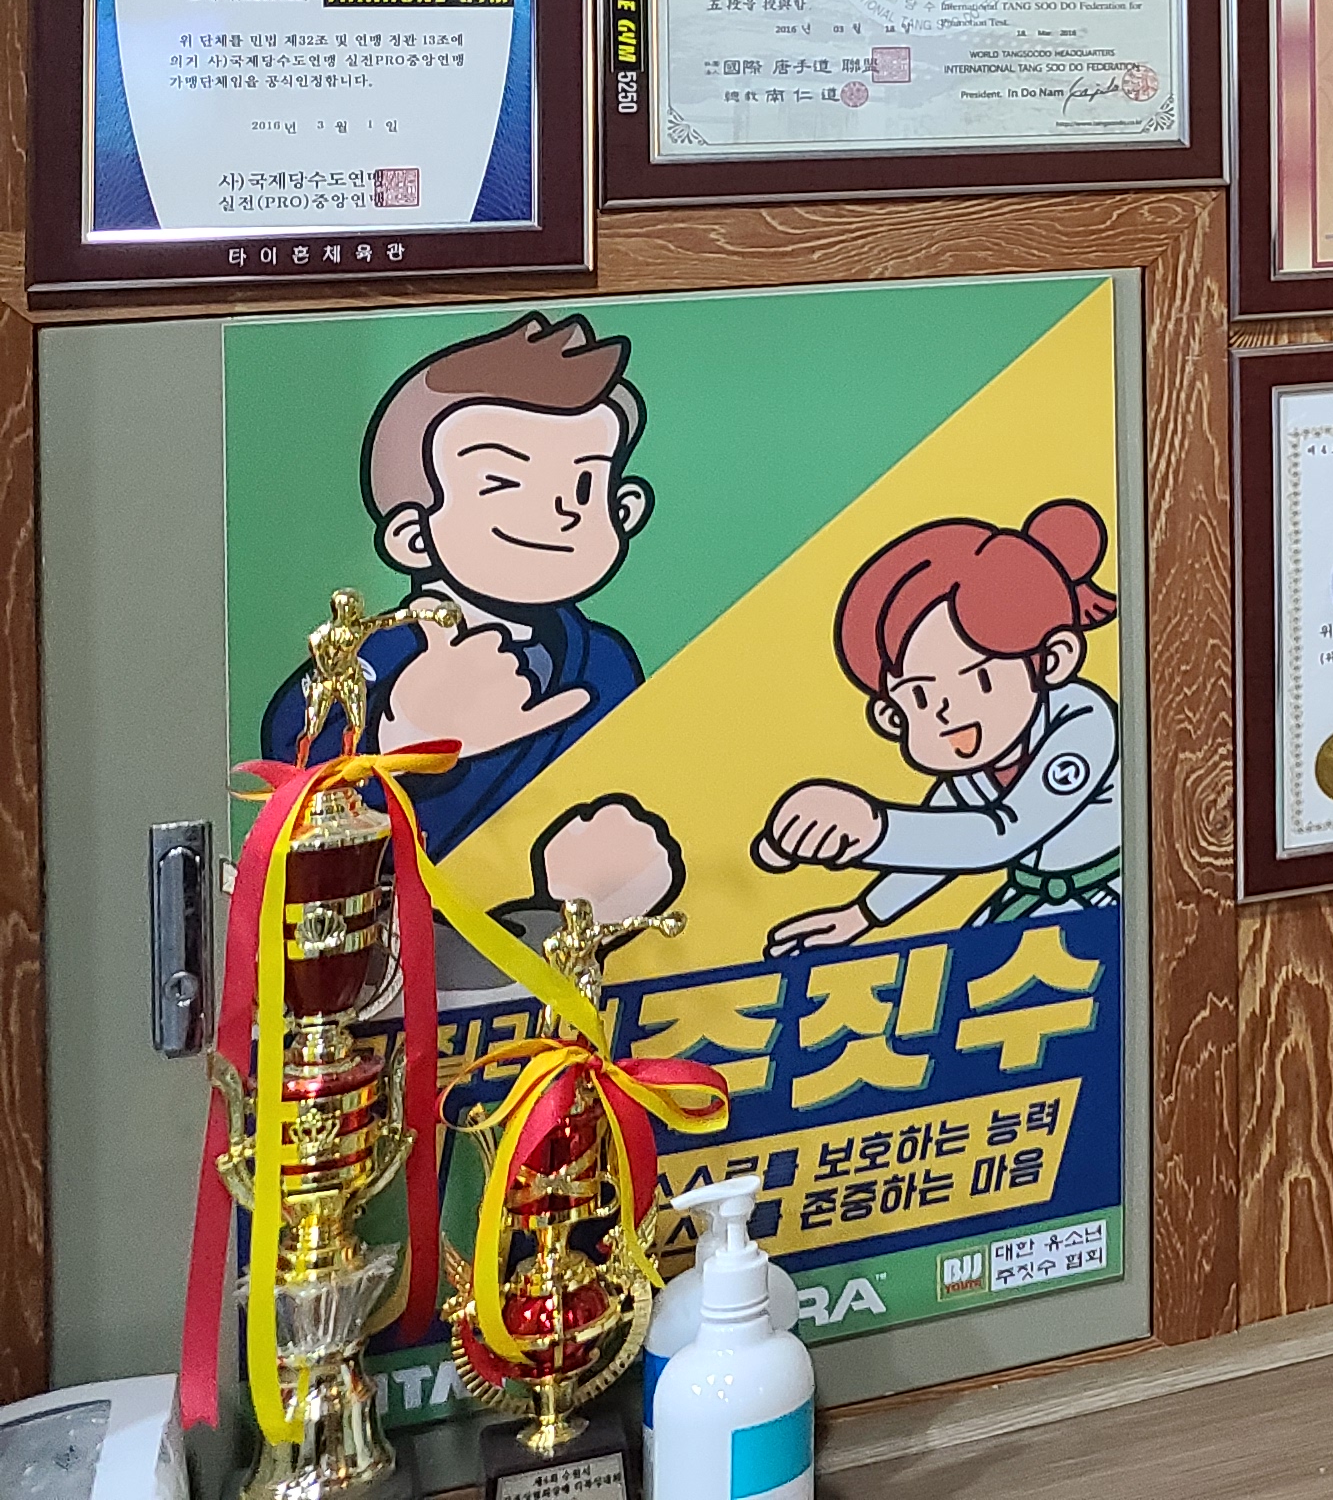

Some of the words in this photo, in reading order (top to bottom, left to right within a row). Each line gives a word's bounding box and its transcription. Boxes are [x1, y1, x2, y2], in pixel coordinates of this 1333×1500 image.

[617, 16, 637, 64] GYM
[617, 71, 637, 114] 5250
[228, 243, 406, 268] 타이혼체육관
[631, 926, 1105, 1110] 주짓수
[815, 1121, 970, 1182] 보호하는
[987, 1099, 1060, 1145] 능력
[801, 1173, 955, 1229] 존중하는
[971, 1149, 1043, 1193] 마음
[994, 1238, 1035, 1260] 대한
[1044, 1225, 1103, 1252] 유소년
[996, 1258, 1057, 1285] 주짓수
[1066, 1249, 1104, 1269] 협회

■ **WORK TO COMPLETE**: Excluding the images, return each record above precisely as written.

■ **WRITTEN SOLUTION**:
Some of the words in this photo, in reading order (top to bottom, left to right within a row). Each line gives a word's bounding box and its transcription. Boxes are [x1, y1, x2, y2], in pixel coordinates of this 1333×1500 image.

[617, 16, 637, 64] GYM
[617, 71, 637, 114] 5250
[228, 243, 406, 268] 타이혼체육관
[631, 926, 1105, 1110] 주짓수
[815, 1121, 970, 1182] 보호하는
[987, 1099, 1060, 1145] 능력
[801, 1173, 955, 1229] 존중하는
[971, 1149, 1043, 1193] 마음
[994, 1238, 1035, 1260] 대한
[1044, 1225, 1103, 1252] 유소년
[996, 1258, 1057, 1285] 주짓수
[1066, 1249, 1104, 1269] 협회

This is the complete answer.